Pete Davidson’s Honesty About Borderline Personality Disorder Matters
The 24-year-old comedian has been aggressively open about his Borderline Personality Disorder diagnosis.
When Saturday Night Live cast member Pete Davidson revealed on Marc Maron’s WTF podcast in September of last year that he had been diagnosed with Borderline Personality Disorder, the US Weekly and People magazine didn’t stop print. The then-23-year-old comedian was famous — and is famous — for being that super young kid on Saturday Night Live whose father died on 9/11. At the time, he seemed more like a stretched out Linus surrounded by pot-smoke and hipster references than a mental health crusader. But he has become exactly that and in a fundamentally unique and generous way.
The acknowledgment came at an important time. According to the National Alliance on Mental Illness, somewhere between 1.6% and 5.9% of the Americans have Borderline Personality Disorder, a condition that is much more commonly diagnosed in women and which many psychologists believe is under-diagnosed in men. Some of the more pronounced symptoms of the condition include fear of abandonment, low self-worth, and suicidal ideation. Davidson’s public acknowledgment of his diagnosis was, in effect, a public acknowledgment of a lot of different mental health struggles and, more specifically, a lot of different mental health struggles traditionally associated with women.
The acknowledgment was, in a sense at least, courageous, but Davidson almost immediately began lampooning it as an act of recklessness. His public comments on mental health, taken individually, read like jokes. In aggregate, they betray Davidson’s commitment to pushing an honest dialogue.

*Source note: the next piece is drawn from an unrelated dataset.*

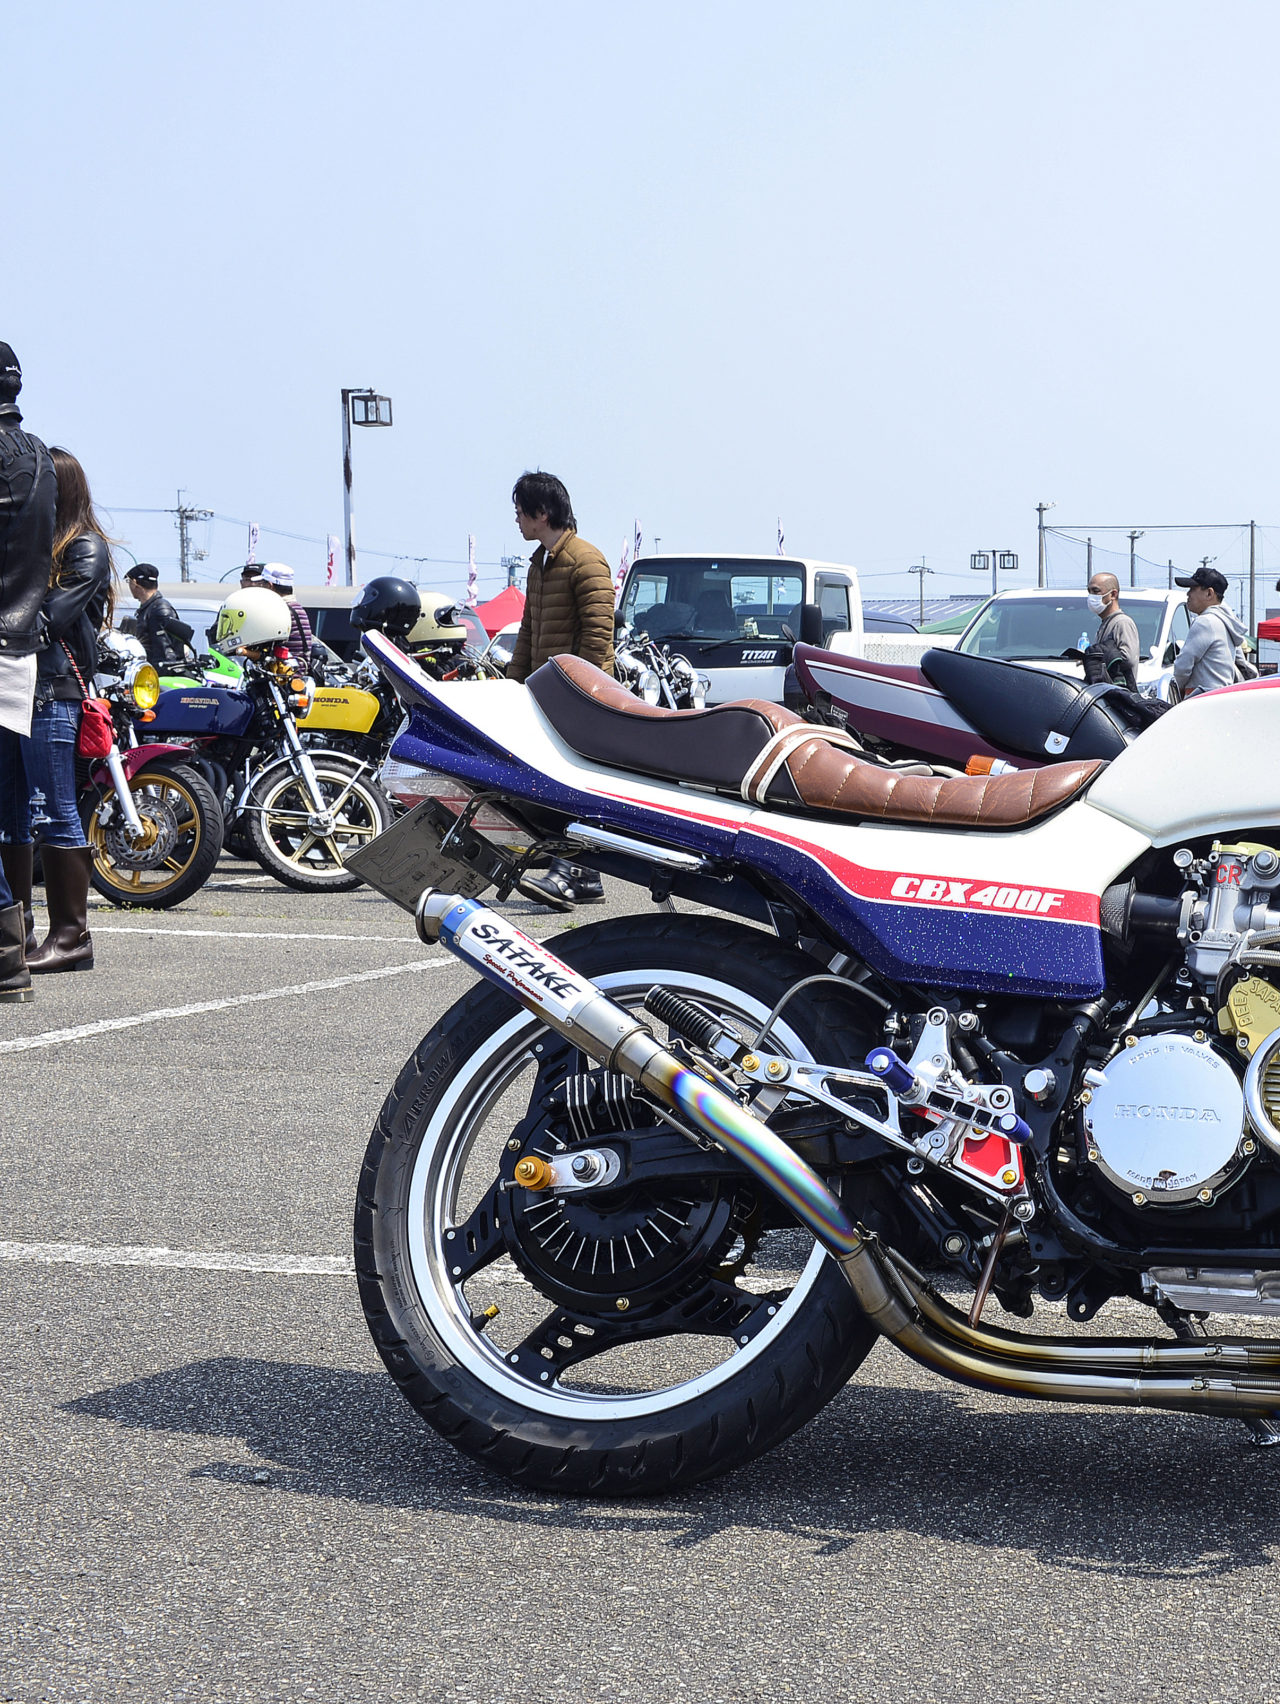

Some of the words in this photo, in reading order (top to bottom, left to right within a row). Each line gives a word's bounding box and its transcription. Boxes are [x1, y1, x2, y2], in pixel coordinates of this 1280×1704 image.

A recent appearance on SNL’s Weekend Update in which Davidson, who started speaking about his mental health on the show in October, whined that NBA star Kevin Love had stolen his thing by publicly acknowledging a panic attack underlines what makes Davidson’s approach unique. Rather than delivering lectures on the importance of engaging with the men’s psychological issues, he makes jokes at his own expense. Why is this so effective? Because BPD is a core part of Pete Davidson, the SNL character. Rather than presenting depression as an issue he’s dealing with, Davidson presents it as part of who he is. There’s more honesty in that.
It helps that he’s funny. “It’s totally cool that he had a panic attack, but if you’re going to write an article about being unstable…leave it to the big boys,” Davidson admonished Love with a winking laugh. “I’m sorry you missed your three-pointers, Kev, but I’ve been in therapy since I was six years old!”
The way that Davidson entangles his challenges with his aspirations is also singular. Rather than posing depression as something that he must overcome or as something that he suffers from on the sly, he acknowledges that it’s part of his professional experience. Hell, he even tries to leverage it. In the first bit, Davidson did publicly acknowledging his diagnosis, he suggested that he would be less depressed if he was cast in more sketches. He even pulled out a fake doctor’s note to drive this point home.
That’s a sly bit. Davidson is mocking himself, but he’s also acknowledging that he has sought help and been open with his coworkers about his condition and concerns. He’s modeling good behavior while saying all the wrong things.
In his public personal life – an oxymoron every famous person has to live with – Davidson has also been open about the help he has received from his girlfriend, Cazzie David, since his diagnosis in 2016. David – who is the 23-year-old daughter of comedic legend Larry David – has been a key part in not only helping Davidson work through his diagnosis but also for helping him get sober for the first time in 8 years. “I’m very lucky,” he said to Entertainment Tonight. “She’s very, very supportive.” And while it hasn’t been all fun and games for the pair – he publicly apologized to her in now-deleted Instagram posts for an unknown transgression – that he is open about getting help professionally and personally helps provide a road map for others that might be struggling with their own mental health.
Davidson’s honesty has been a refreshing – if also bumpy – portrayal of BPD, and the rawness of his bits on Weekend Update are better served by that honesty. There’s no posturing or detachment; he discusses his BPD with the same fervor that he does Staten Island or his Dockers commercial. It’s part of who he is now, and his own path to recovery has him turning that pain into comedy.
That might not be the path for everyone, but seeing him be almost reckless with the truth is inspiring. It normalizes the disorder in its base form; there’s no sanitized press statement or media-trained interview here. Instead, we get a 24-year-old who is working through it on a public forum, and who is refreshingly unfiltered in his approach.
Davidson is part of a larger conversation – one that now includes The Rock – which, in time, will help shift the discussion towards a healthier, more positive outcome. In the meantime, you can bet that Davidson will continue to pop up on Weekend Update, ready and willing to both talk and joke about his own struggles, and that’s a beautiful thing.